### [WHAT TO DO]
Set down the data below exactly; pictures stay out.

START INPUT MATERIAL

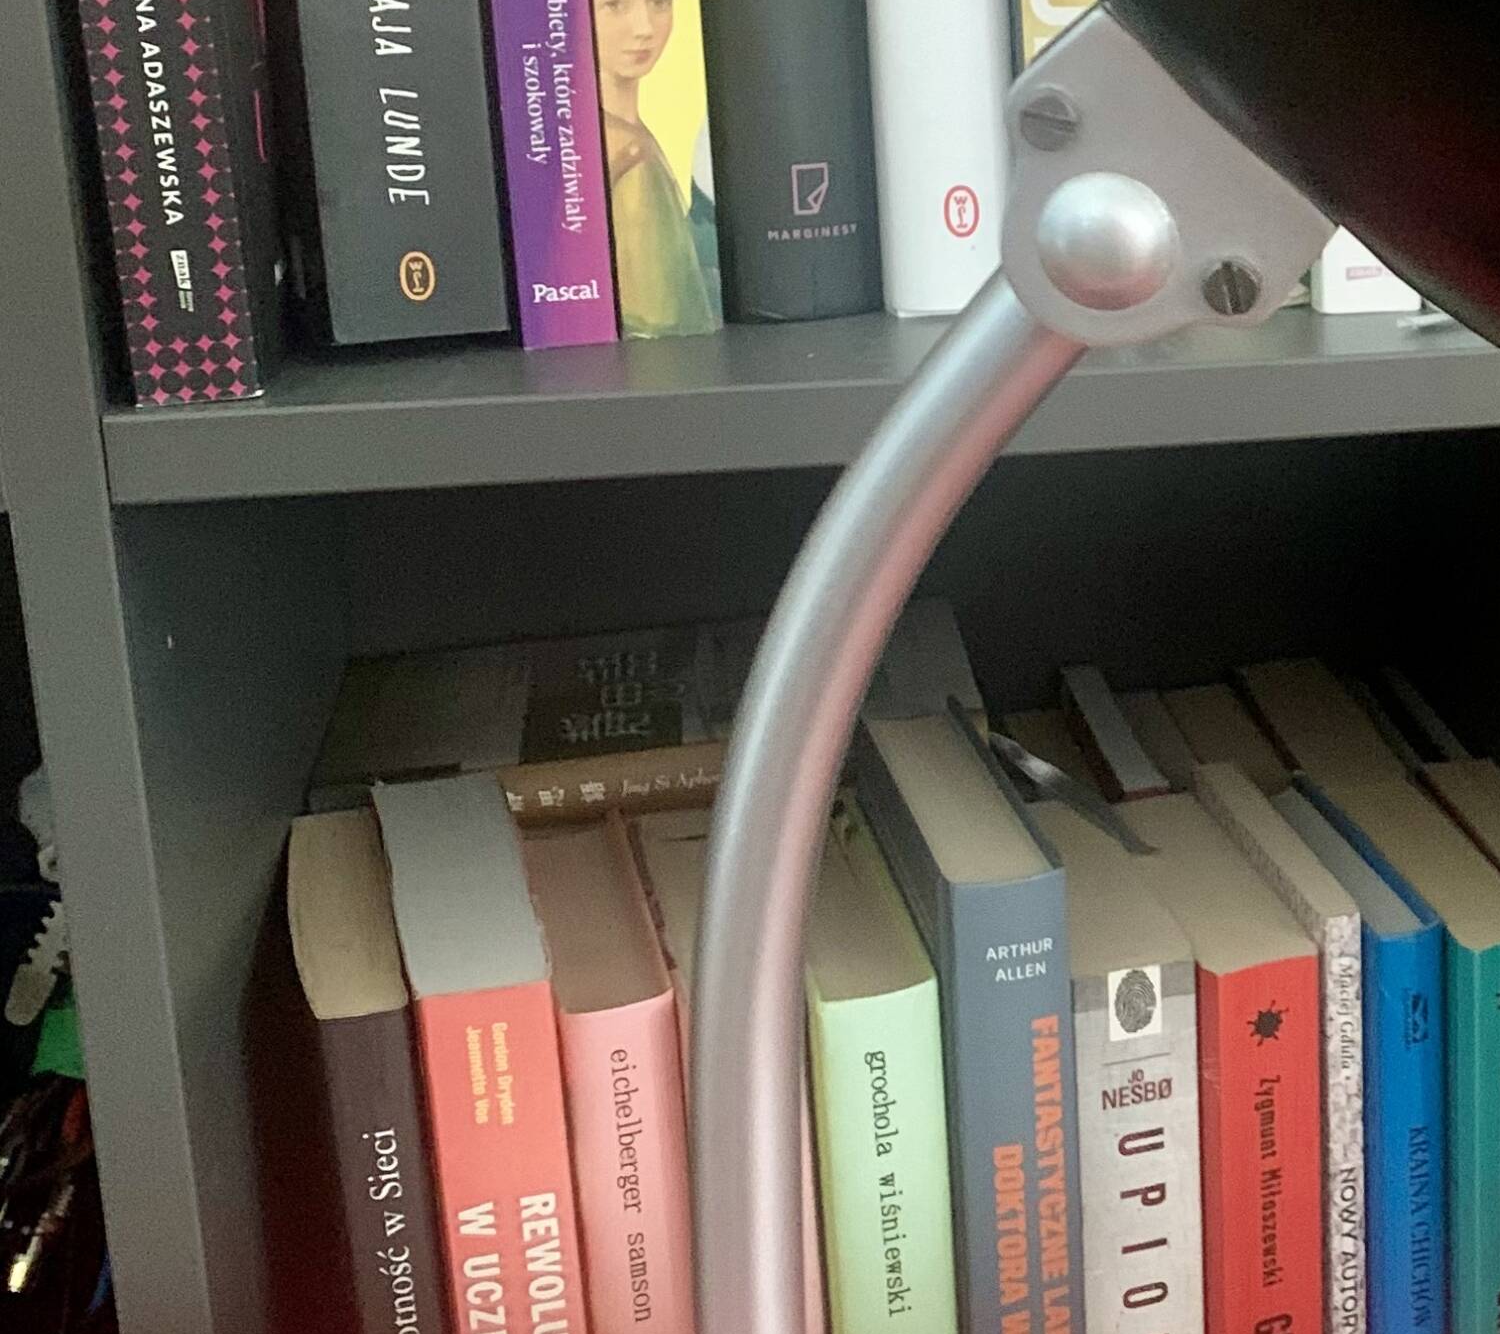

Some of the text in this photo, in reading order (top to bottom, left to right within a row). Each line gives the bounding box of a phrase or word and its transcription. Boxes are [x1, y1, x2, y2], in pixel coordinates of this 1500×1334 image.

[522, 57, 548, 166] szokowały
[552, 62, 573, 120] które
[138, 41, 185, 227] ADASZEWSKA
[379, 87, 430, 206] LUNDE
[556, 125, 584, 234] zadziwiały
[767, 222, 859, 242] MARGINESY
[532, 280, 600, 304] Pascal
[985, 936, 1054, 963] ARTHUR
[994, 960, 1047, 983] ALLEN
[864, 1049, 899, 1158] grochola
[1101, 1077, 1174, 1111] NESBØ
[1127, 1068, 1145, 1084] JO
[363, 1127, 403, 1203] Sieci
[609, 1047, 652, 1323] eichelberger samson
[1029, 1013, 1071, 1283] FANTASTYCZNE
[1254, 1074, 1284, 1289] Zygmunt Miłoszewski
[1406, 1125, 1431, 1215] KRAINA
[383, 1210, 406, 1238] w
[457, 1201, 497, 1237] W
[878, 1171, 912, 1318] wiśniewski
[991, 1143, 1030, 1306] DOKTORA
[1338, 1166, 1359, 1242] NOWY
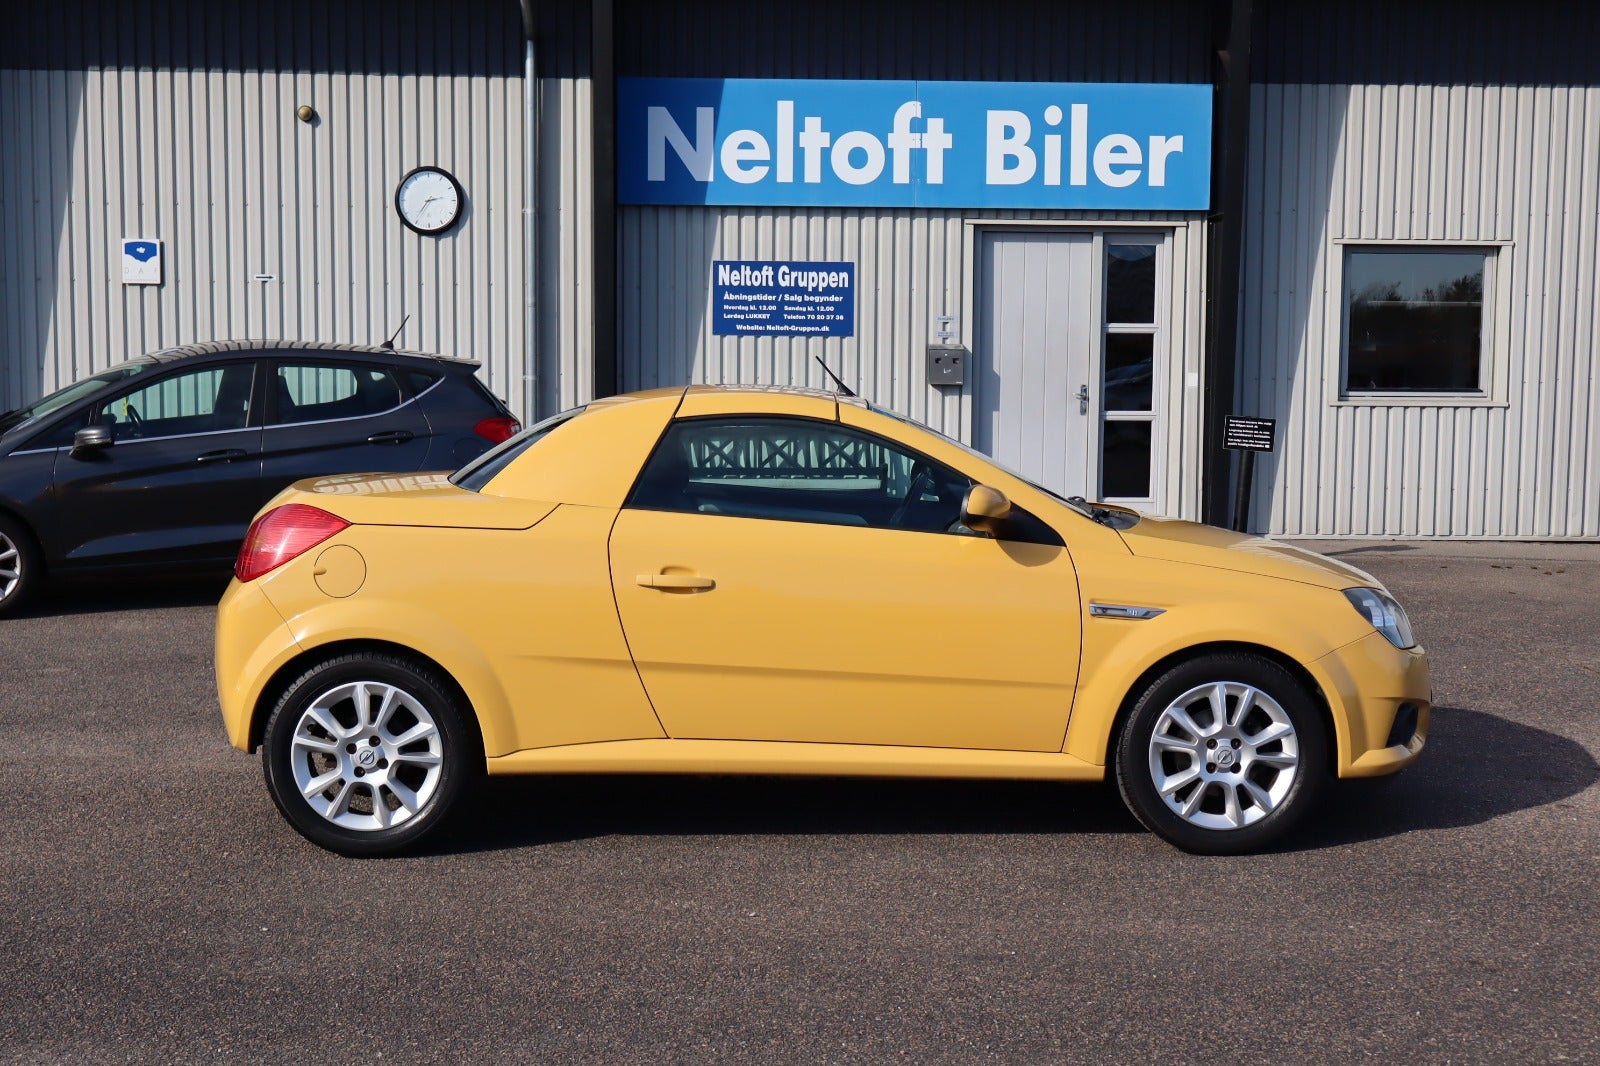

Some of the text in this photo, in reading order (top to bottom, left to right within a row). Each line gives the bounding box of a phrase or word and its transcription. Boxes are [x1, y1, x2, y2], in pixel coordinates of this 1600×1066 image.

END INPUT MATERIAL

### [WRITTEN SOLUTION]
Some of the text in this photo, in reading order (top to bottom, left to right within a row). Each line gives the bounding box of a phrase or word and its transcription. Boxes are [x1, y1, x2, y2], in pixel coordinates of this 1500×1334 image.

[522, 57, 548, 166] szokowały
[552, 62, 573, 120] które
[138, 41, 185, 227] ADASZEWSKA
[379, 87, 430, 206] LUNDE
[556, 125, 584, 234] zadziwiały
[767, 222, 859, 242] MARGINESY
[532, 280, 600, 304] Pascal
[985, 936, 1054, 963] ARTHUR
[994, 960, 1047, 983] ALLEN
[864, 1049, 899, 1158] grochola
[1101, 1077, 1174, 1111] NESBØ
[1127, 1068, 1145, 1084] JO
[363, 1127, 403, 1203] Sieci
[609, 1047, 652, 1323] eichelberger samson
[1029, 1013, 1071, 1283] FANTASTYCZNE
[1254, 1074, 1284, 1289] Zygmunt Miłoszewski
[1406, 1125, 1431, 1215] KRAINA
[383, 1210, 406, 1238] w
[457, 1201, 497, 1237] W
[878, 1171, 912, 1318] wiśniewski
[991, 1143, 1030, 1306] DOKTORA
[1338, 1166, 1359, 1242] NOWY

Some of the text in this photo, in reading order (top to bottom, left to right within a row). Each line gives the bounding box of a phrase or word and its transcription. Boxes are [x1, y1, x2, y2], in pixel coordinates of this 1600×1066 image.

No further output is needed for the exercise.